Three Layers of Silence Around One Missing User

The Saturday rebuild of site02-kvm01 was supposed to be done. The runbook was nine gotchas long by Sunday evening. Yesterday’s post called it a hardening day and went to bed. Tonight’s commits are the post-mortem of what was still wrong after that runbook closed — a single missing Linux user on a single host, and three independent silences that hid the failure from the backup report for two consecutive nights.

The user is backup-user. The script that creates it is setup/03-create-backup-users.sh. The host that lost it was site02-kvm01. Once it was gone, two pipelines broke quietly:

The nightly Vaultwarden DR copy scp’d to site02-kvm01:/opt/dr-backup/vaultwarden/ and got Permission denied because backup-user no longer existed to own that directory.
The Wazuh agent-config tar pull from site02-kvm01 failed because the orchestrator ssh’d as backup-user@site02-kvm01 and the account wasn’t there.

Both failures appeared in the next morning’s backup report as “SUCCESS.” That’s the part I want to write down.

Silence 1: `set -e` ate the exit code

The Vaultwarden script is the one that produced the most misleading report. The relevant block was, in pseudo-shell, this:

scp "$archive" backup-user@site02-kvm01:/opt/dr-backup/vaultwarden/
if [ $? -eq 0 ]; then
    log "DR copy OK"
else
    log "DR copy failed — non-fatal, B2 upload succeeded"
fi

The comment above it explained that the DR scp was deliberately non-fatal: if B2 had already accepted the upload, the off-site copy to site02-kvm01 was nice-to-have, and a failure there should not roll back the whole job. The intent was right. The shell form was not.

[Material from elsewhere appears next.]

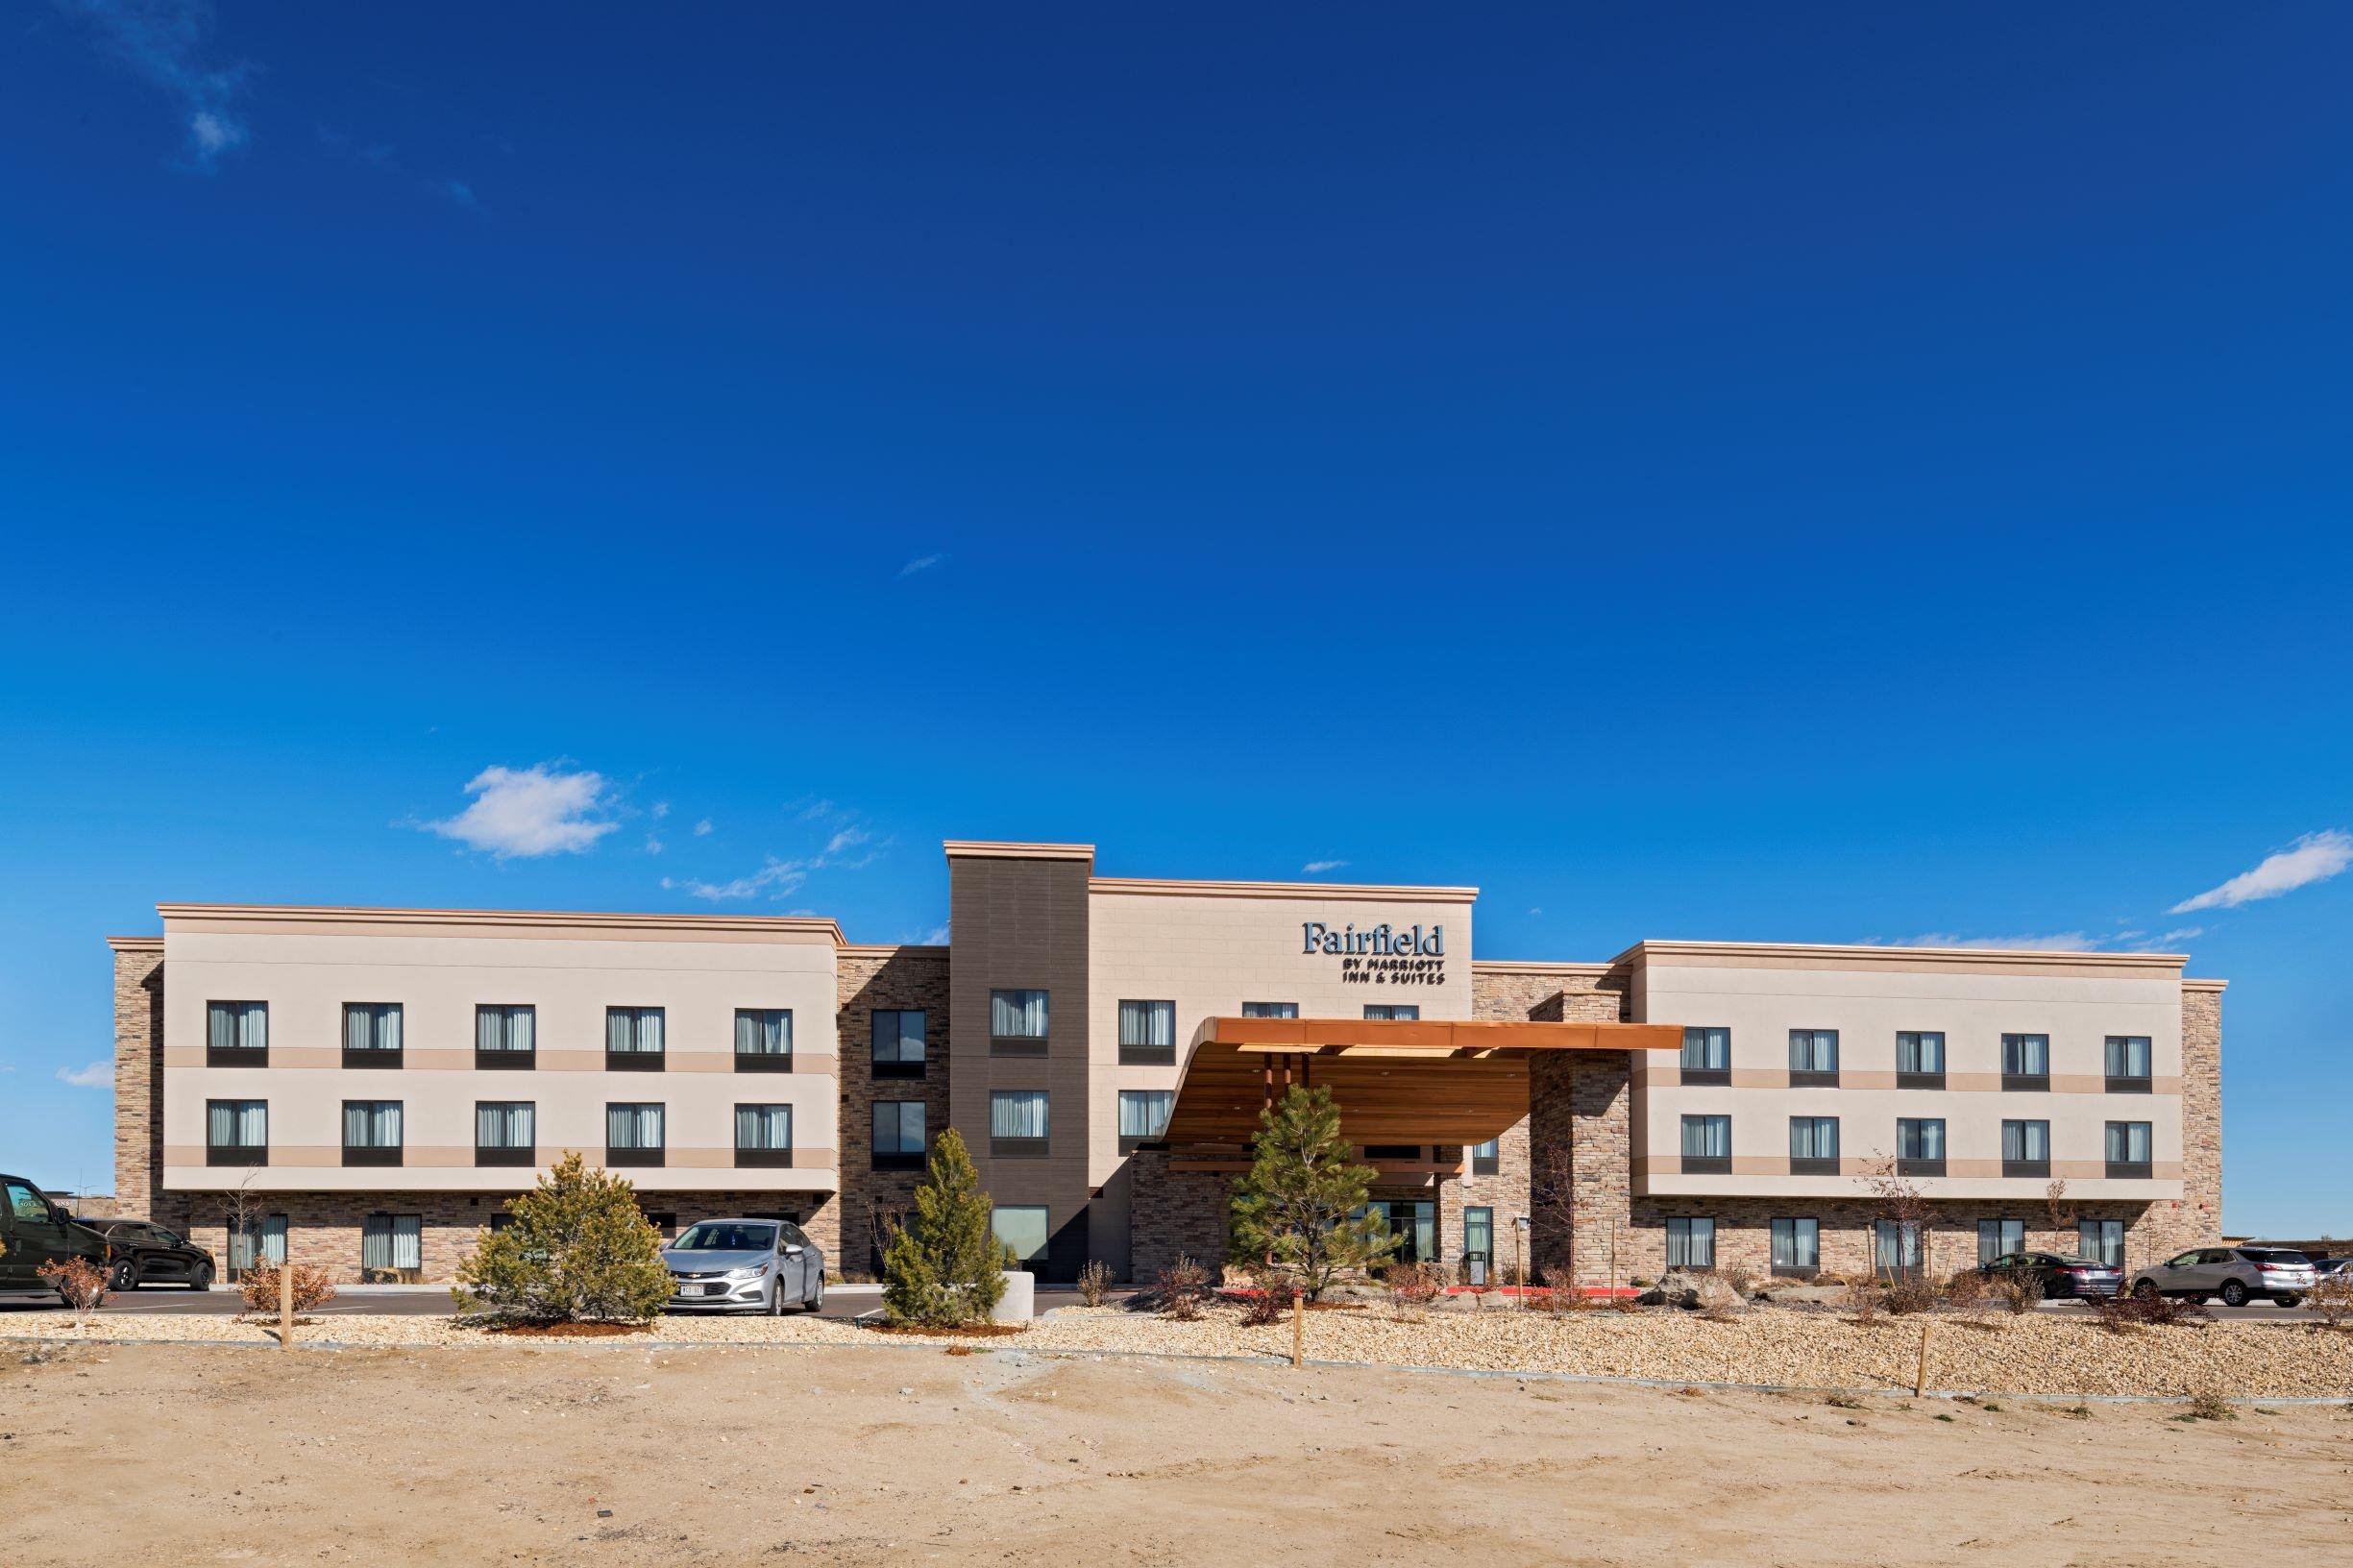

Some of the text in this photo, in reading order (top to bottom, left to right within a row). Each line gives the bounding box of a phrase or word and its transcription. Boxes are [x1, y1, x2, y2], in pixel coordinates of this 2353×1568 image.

[1302, 921, 1445, 957] Fairfield
[1342, 958, 1445, 972] BY MARRIOTT
[1342, 970, 1445, 985] INN & SUITES

The script runs under set -euo pipefail. With set -e, a non-zero exit from scp terminates the script before the if [ $? -eq 0 ] is ever evaluated. The if branch is dead code under the strict-mode hat the script is wearing. So when scp failed, the whole Vaultwarden job exited with FAILED status, and the report emailed at 03:30 said vaultwarden: FAILED. The B2 portion had already completed and uploaded a healthy archive. None of that was reflected in the email.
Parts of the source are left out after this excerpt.